Rampell: 'Starving the beast' doesn't fix the IRS

This is an archived article that was published on sltrib.com in 2014, and information in the article may be outdated. It is provided only for personal research purposes and may not be reprinted.

Pretty much everyone hates the Internal Revenue Service. And I realize this is an especially strange time to stick up for the agency, given the suspicious disappearance of a few thousand key emails that Congress wants to see. But right now, the IRS desperately needs a champion.

Our country's fiscal future — not to mention taxpayers' collective mental health — depends on it.

For several years, the IRS has been laboring under more expensive mandates but with fewer resources. Since 2010, when Congress first began hacking away at discretionary spending, the bureau's funding has fallen 14 percent, in inflation-adjusted terms, according to the Center on Budget and Policy Priorities. Its staff has also shrunk by about 10,400 employees, or 11 percent, over the same period. These cuts have come even though the agency's responsibilities and workload have increased, thanks to new laws such as the Affordable Care Act and the Foreign Account Tax Compliance Act, as well as the growing problems of identity theft and tax refund fraud.

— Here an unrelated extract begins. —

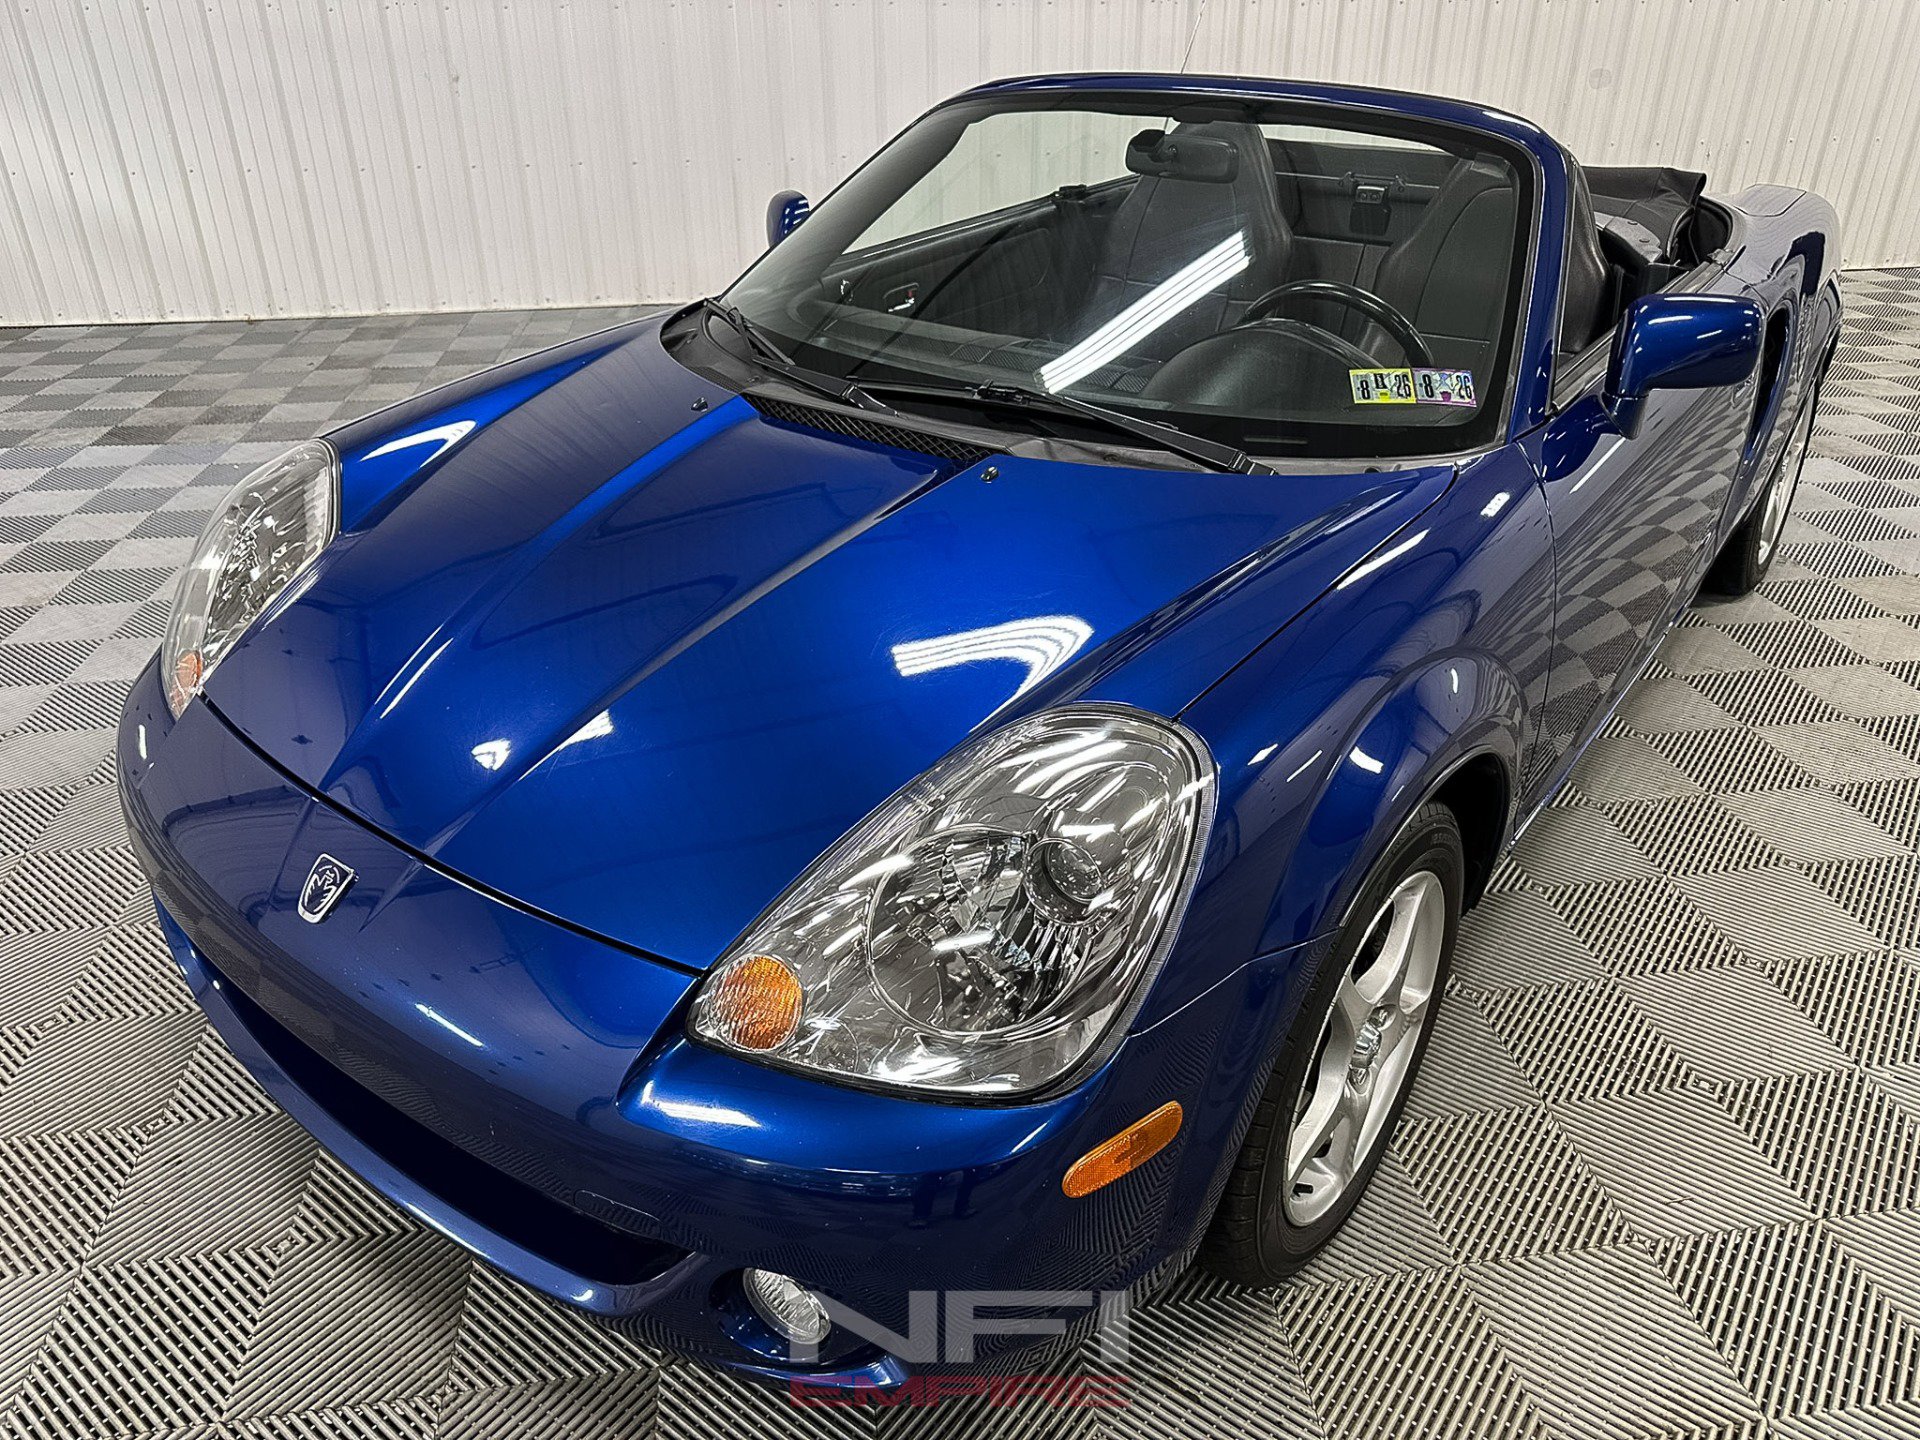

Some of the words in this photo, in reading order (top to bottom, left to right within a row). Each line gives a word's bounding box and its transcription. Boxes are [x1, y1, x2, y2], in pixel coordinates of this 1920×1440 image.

[1360, 379, 1371, 400] 8
[1394, 374, 1412, 399] 26
[1422, 374, 1434, 398] 8
[1456, 375, 1472, 400] 26

Now House Republicans want to hobble it even more. Last week, the House Appropriations Committee voted to slash the bureau's budget by another $340 million.

If you care about narrowing the budget deficit — as Republicans generally say they do — gutting your chief revenue-collection agency makes little sense. It's a bit like a supermarket trying to save money by getting rid of its cashiers.

The IRS generates way more money than it spends, after all. For every dollar appropriated to the IRS in the 2013 fiscal year, the agency collected $255, according to the national taxpayer advocate's office. That's a darn good return on investment.

Some of that money comes from going after tax cheats, and staffing in key enforcement positions has been sliding. This again seems like something you should care about if you're a member of the conservative contingent that suspects many Americans aren't paying their fair share. As several cash-strapped European countries can confirm, rampant tax evasion has a tendency to drive statutory tax rates higher so that the government can extract more money from those poor saps still obeying the law.

For now, at least, the vast majority of Americans pay the full amount they owe Uncle Sam under the law, but IRS budget cuts could threaten voluntary compliance going forward. That's because one of the bureau's core jobs is helping honest taxpayers like you and me navigate the byzantine tax system that Congress — that's right, Congress, not the IRS — has constructed.

In fiscal 2013, for example, the agency received 109 million phone calls from taxpayers. Of the callers who wanted to speak with a customer representative, nearly 40 percent never got through, compared with 13 percent a decade earlier. Even the lucky callers who finally reached someone first had to spend an average of nearly 18 minutes waiting. A decade ago, the average wait time was 2.6 minutes.

Service looks likely to get worse, too: The IRS Oversight Board recently forecast that, unless Congress gives the bureau additional funding, almost half of all customer service calls won't be answered in 2015 "due to projected increases in demand anticipated by the Affordable Care Act." Meanwhile, backlogs for taxpayer correspondence have gotten substantially longer, and the IRS has curtailed many services at its walk-in tax preparation clinics around the country. None of this is good for "tax morale."

Perhaps most alarming, a shortage of funds has caused the bureau to chronically underinvest in infrastructure, threatening its ability to operate effectively and efficiently. Some IRS computers, for example, run on an operating system so old and outdated that Microsoft has stopped supporting it. Given this, perhaps it's not so far-fetched to believe that lost emails were the result of crashed computers and bureaucratic incompetence rather than malevolent cover-up and conspiracy.

But then, for many conservatives, bureaucratic incompetence may be a feature of IRS budget cuts rather than a bug. After all, one effective way to convince Americans that the government deserves to be shrunk and defunded is by making it grossly dysfunctional through inadequate appropriations. Budget cuts beget distrust in government, which begets more budget cuts.

"Starving the beast" doesn't make agencies like the IRS less wasteful, just less functional. If, in the coming years, the U.S. government looks increasingly inept, outdated and inefficient, that may be partly by design.